The Company does not believe that the Year 2000 problem will pose a material
operations problem for the Company. The Company's computer software providers
have assured the Company that all of the Company's software is or will be Year
2000 compliant (i.e. will function properly in the year 2000 and beyond). The
Company's accounting software providers have asserted they will provide written
assurance that its products are or will be Year 2000 compliant. To the Company's
knowledge, after investigation, no "imbedded technology" (such as microchips in
an electronic control system) of the Company poses a material Year 2000 problem.

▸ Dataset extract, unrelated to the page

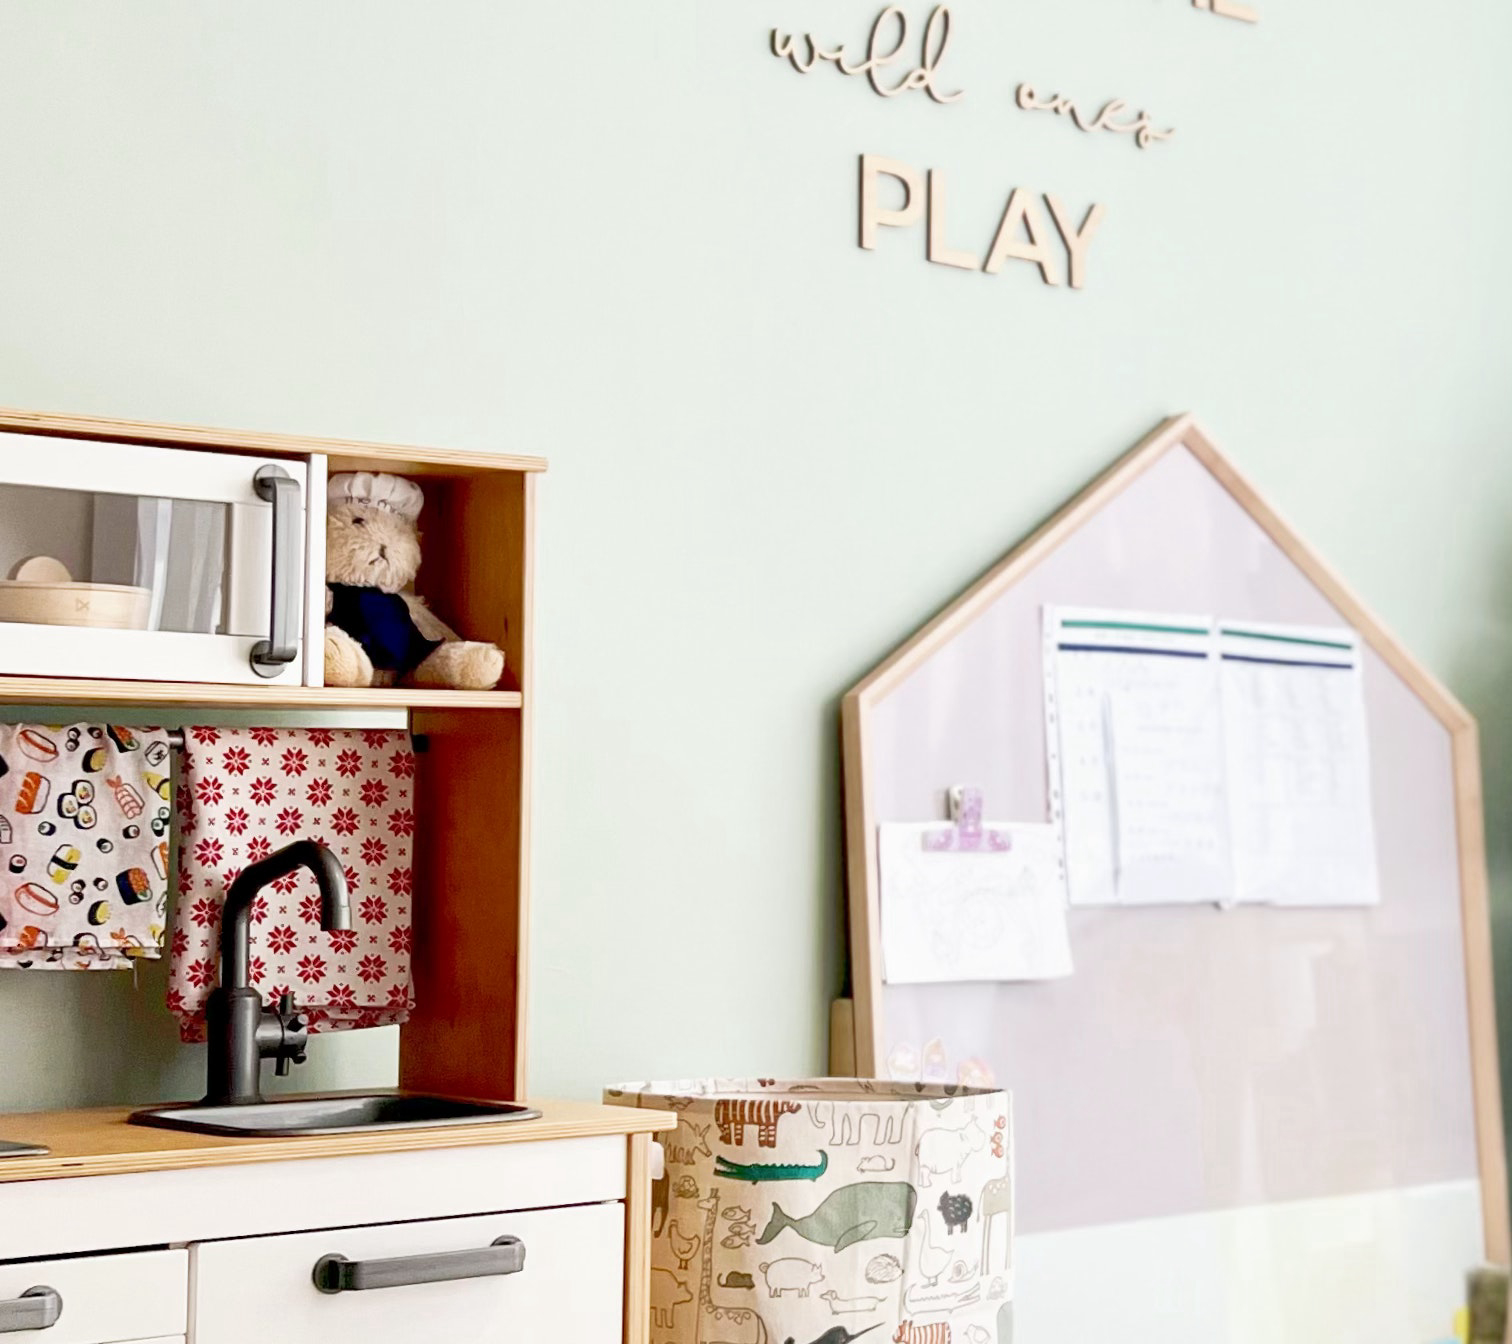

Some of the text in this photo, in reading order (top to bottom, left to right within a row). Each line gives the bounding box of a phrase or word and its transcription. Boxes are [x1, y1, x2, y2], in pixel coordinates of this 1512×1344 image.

Because the Company believes that it has no material internal Year 2000
problems, the Company has not expended and does not expect to expend a
significant amount of funds to address Year 2000 issues. It is Company policy to
continue to review its suppliers' Year 2000 compliance and require assurance of
Year 2000 compliance from new suppliers; however, such monitoring does not
involve a significant cost to the Company.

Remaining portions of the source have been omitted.